Portrait of a blog author, Isra AlBastaki, smiling and wearing a brown hijab against a plain background.

About the author:

Isra AlBastaki is a student on the MSc in Global Healthcare Leadership programme. Isra is currently involved in the development of the first academic health system in Dubai. Additionally, Isra served as the Vice-chairperson of the Global Council of Sustainable Development Goal 3, Health and Wellbeing, from 2021 to 2023.


“In late 2023, I had a reflective session with a senior colleague in my organization who is also my role model. He embodies the qualities I envision in a leader: wise, humble, calm under pressure, a great listener, and a thoughtful decision-maker. During our conversation, he recommended that I read "The Fifth Discipline" by Peter M. Senge. I immediately purchased and read the book, trusting his recommendation. Unsurprisingly, it deeply resonated with me, and I would like to share some insights I gained from it.

Senge's exploration of mental models made me realize how our beliefs and perceptions influence our understanding of the world and affect our decision-making processes. He illustrates that these models can restrict organizational innovation by fostering a top-down decision-making culture and limiting employee contributions. Senge also highlights how mistaken beliefs about people’s preferences can distort business strategies and how resistance to change is often rooted in a preference for the familiar over the new. Additionally, he examines how leaders' self-conceptions as primary decision-makers rather than facilitators can stifle team empowerment. Senge argues that organizations can encourage more adaptive and effective decision-making processes by critically analyzing and challenging these mental models. Senge's study of systems thinking emphasized that organizational dynamics are interconnected. We can see the ripple effects of our decisions and actions by considering organizations as complex systems instead of isolated entities. This perspective highlights the significance of considering the wider consequences of our choices, both in our personal lives and within our organizations.

In addition, I found Senge's concept of "skilled incompetence" quite intriguing. This paradox refers to our ability to shield ourselves from the discomforts that come with learning. It resonated with me because it sheds light on how deeply ingrained mental models can hinder our ability to apply knowledge. This can trap us in patterns of behavior that perpetuate dysfunction rather than promoting progress. Senge also emphasized how the core aspect of a learning organization is a shift in perspective. This shift refers to moving from seeing ourselves as separate entities from the world to acknowledging our connection with it. It also involves attributing external factors to problems and understanding how our actions contribute to them.
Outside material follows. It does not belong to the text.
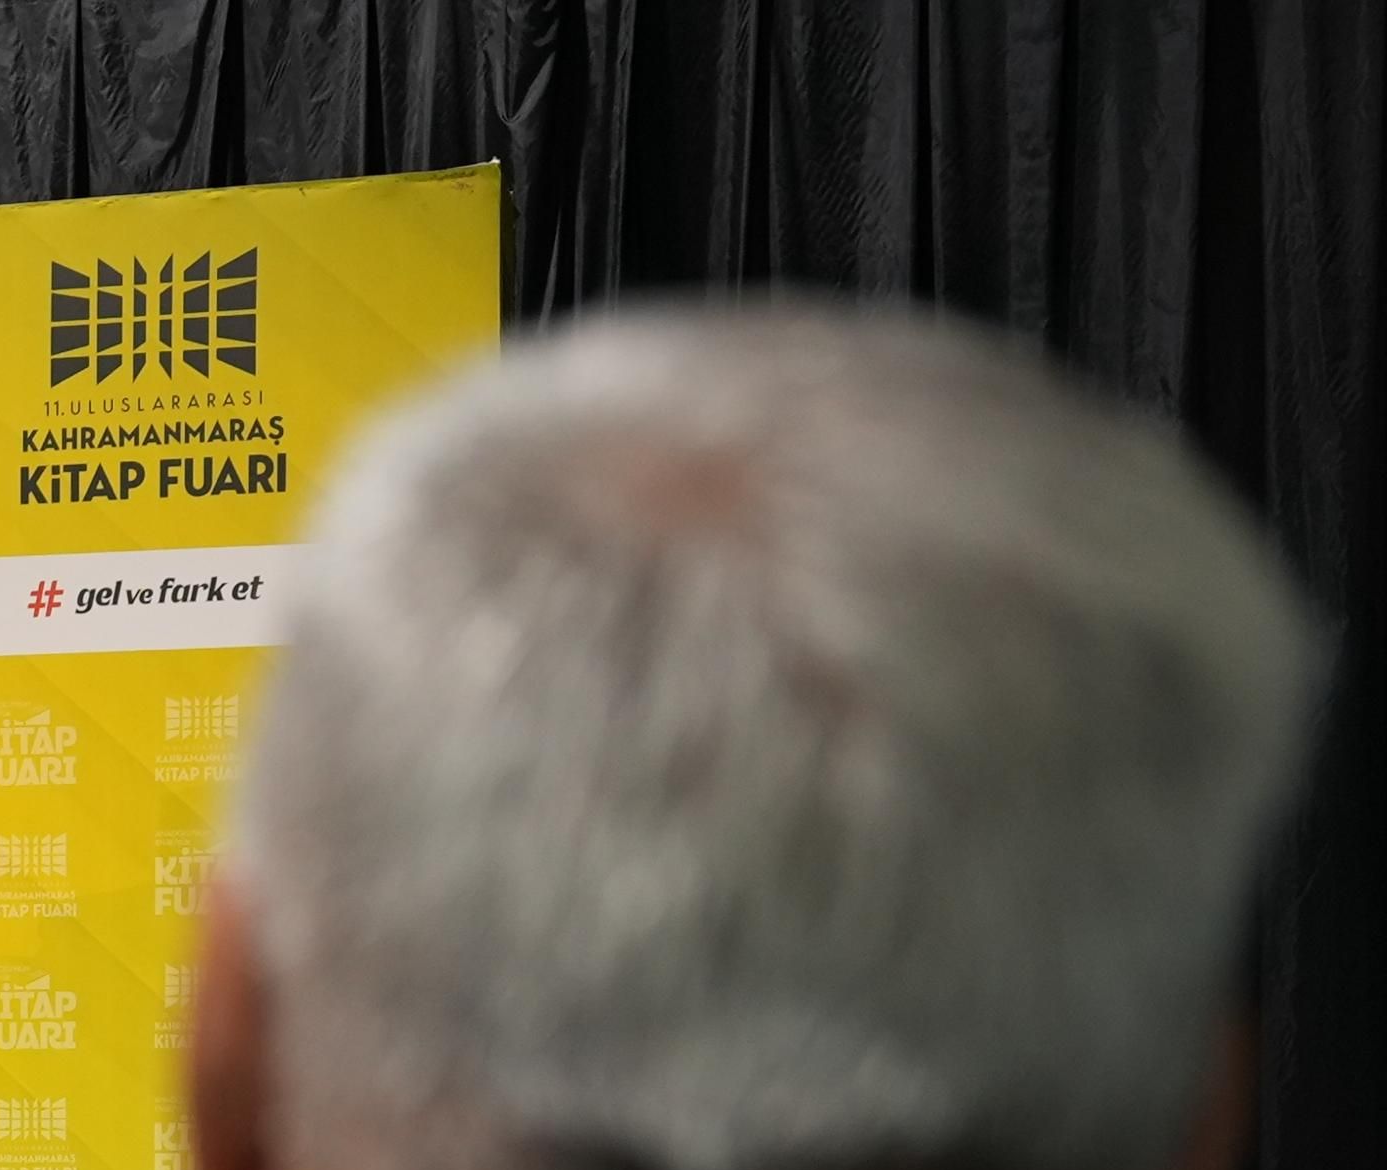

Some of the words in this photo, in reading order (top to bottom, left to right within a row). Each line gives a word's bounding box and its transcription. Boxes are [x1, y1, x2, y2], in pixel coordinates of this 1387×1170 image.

[22, 415, 285, 453] KAHRAMANMARAŞ
[159, 453, 287, 499] FUARI
[158, 578, 227, 604] fark
[231, 575, 264, 601] et
This applies to our personal lives too, as we often try to resolve individual life problems without considering all the contributing factors. Senge's book highlights the importance of viewing life as a system and the significance of this perspective when facing life's challenges. He used a common example that might resonate with many individuals: "Sometimes the easiest or most familiar solution is not only ineffective; sometimes it is addictive and dangerous. Alcoholism, for instance, may begin as a simple social drinking - a solution to the problem of low self-esteem or work-related stress. Gradually, the cure becomes worse than the disease; among its other problems, it exacerbates self-esteem and stress even more than they were in the beginning."

The timing of reading this book aligned nicely with the modules I am studying in my MSc in Global Healthcare Leadership, particularly the third and fourth modules, which focus on systems leading in comparative health systems and leading with evidence-based healthcare. Reading this book and engaging with diverse global leaders enriched my understanding of Senge's principles and provided real-world context. It fostered lively discussions and deepened my knowledge of their application.

Senge's exploration of mental models and systems thinking offers invaluable insights for navigating the complexities of organizational life. By challenging rooted beliefs and embracing a systemic perspective, we can break free from the constraints of skilled incompetence and foster environments conducive to growth and innovation.”